- ASSIGNMENT: Exact copies of all the lines below are needed, without the pictures.

(Stored items)
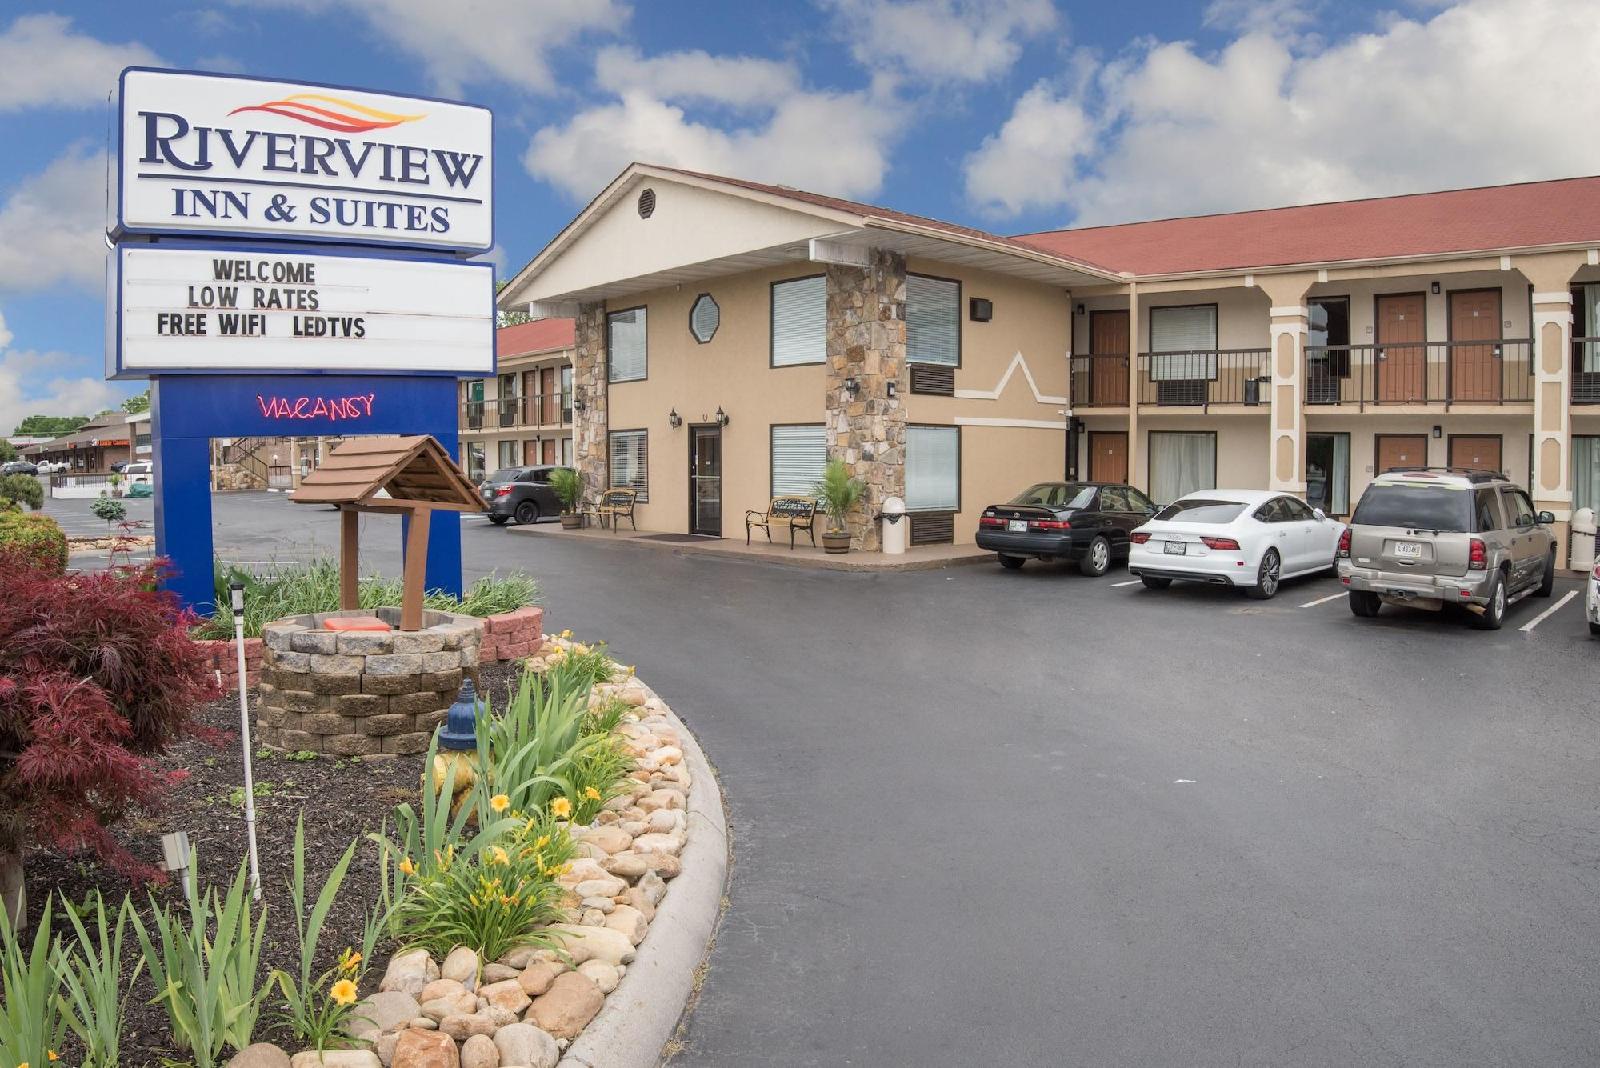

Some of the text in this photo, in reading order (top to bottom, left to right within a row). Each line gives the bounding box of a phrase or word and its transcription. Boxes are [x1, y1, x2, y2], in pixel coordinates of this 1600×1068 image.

[137, 111, 483, 189] RIVERVIEW
[171, 188, 450, 233] INN & SUITES
[213, 259, 315, 283] WELCOME
[188, 286, 319, 310] LOW RATES
[158, 313, 366, 338] FREE WIFI LEDTVS
[257, 393, 375, 421] VACANCY
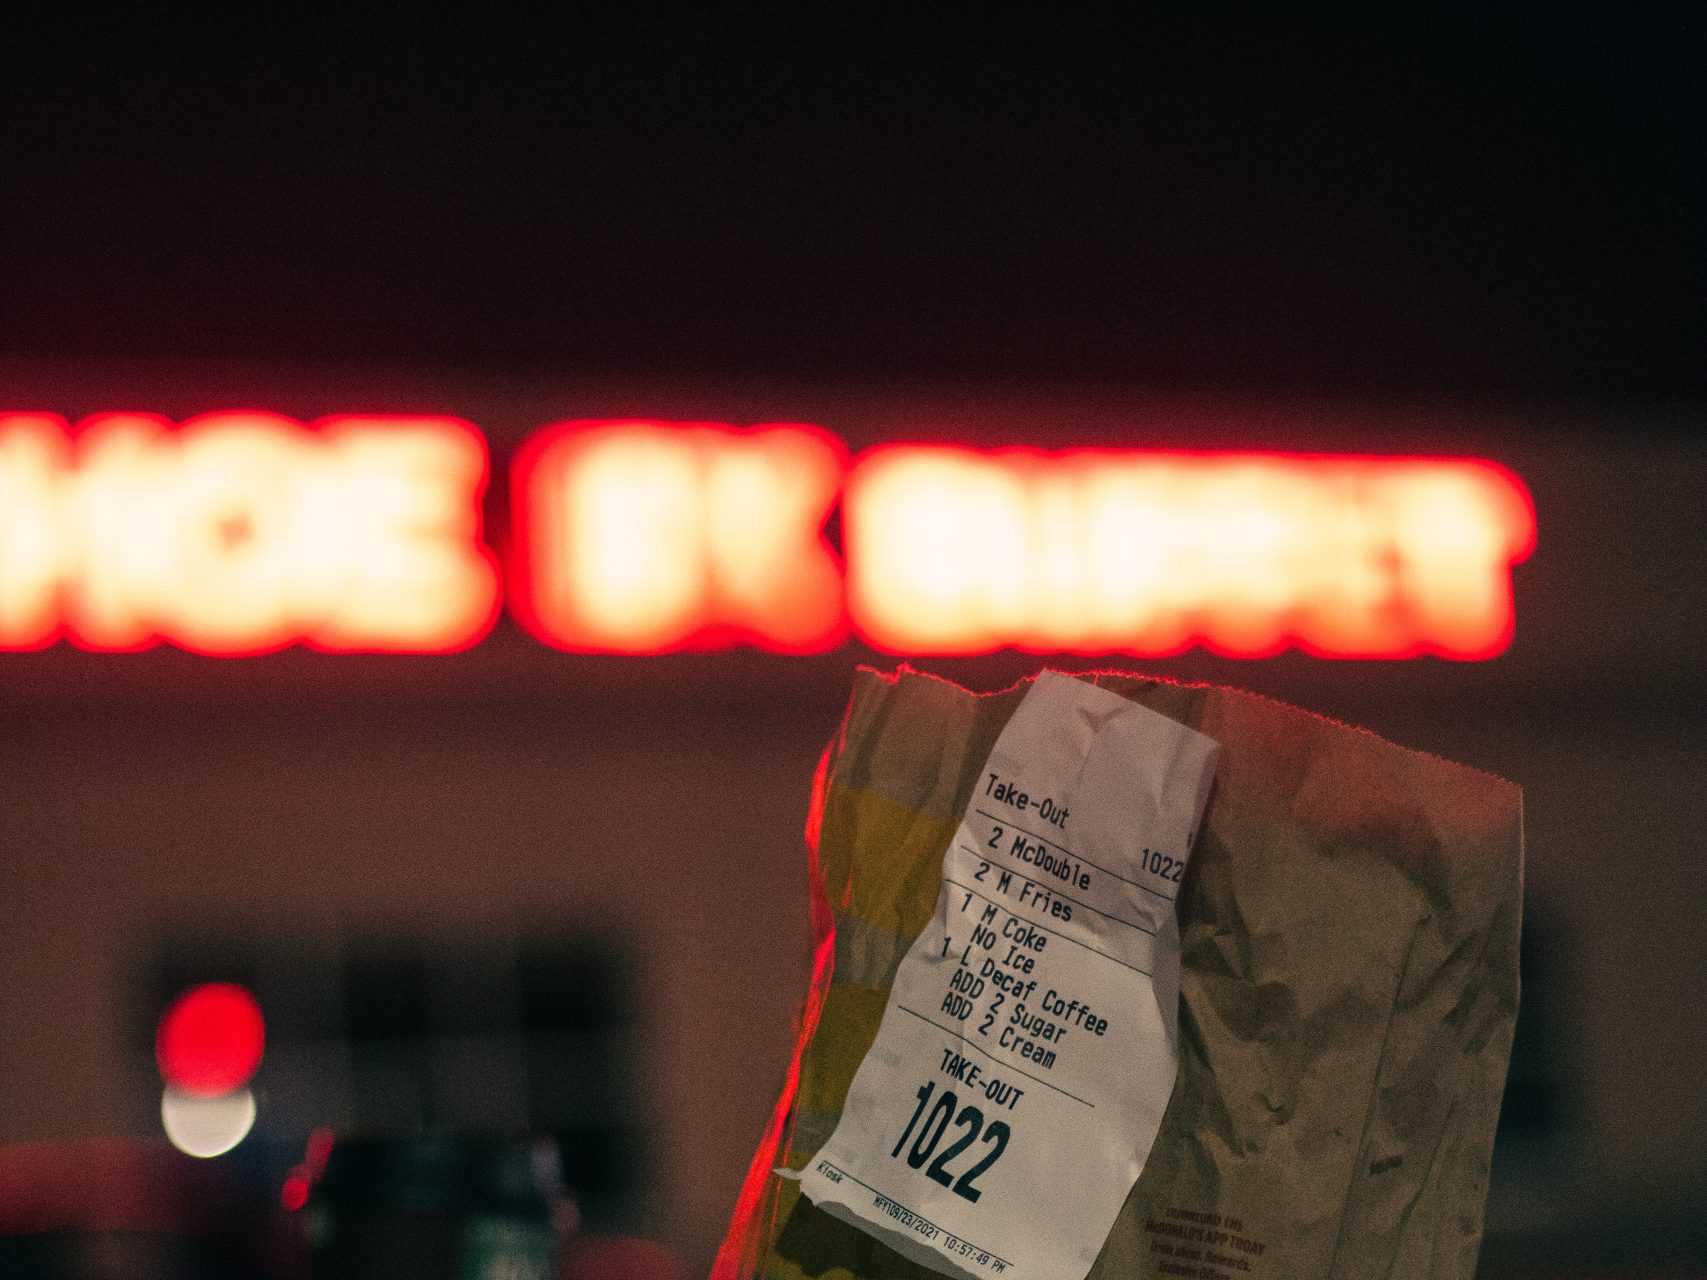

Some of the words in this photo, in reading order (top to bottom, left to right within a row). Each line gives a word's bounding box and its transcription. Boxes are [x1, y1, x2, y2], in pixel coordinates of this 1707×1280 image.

- RESPONSE FOR THIS EXERCISE:
Some of the text in this photo, in reading order (top to bottom, left to right within a row). Each line gives the bounding box of a phrase or word and its transcription. Boxes are [x1, y1, x2, y2], in pixel coordinates of this 1600×1068 image.

[137, 111, 483, 189] RIVERVIEW
[171, 188, 450, 233] INN & SUITES
[213, 259, 315, 283] WELCOME
[188, 286, 319, 310] LOW RATES
[158, 313, 366, 338] FREE WIFI LEDTVS
[257, 393, 375, 421] VACANCY

Some of the words in this photo, in reading order (top to bottom, left to right within a row). Each line gives a word's bounding box and its transcription. Boxes are [x1, y1, x2, y2], in pixel coordinates of this 1707×1280 image.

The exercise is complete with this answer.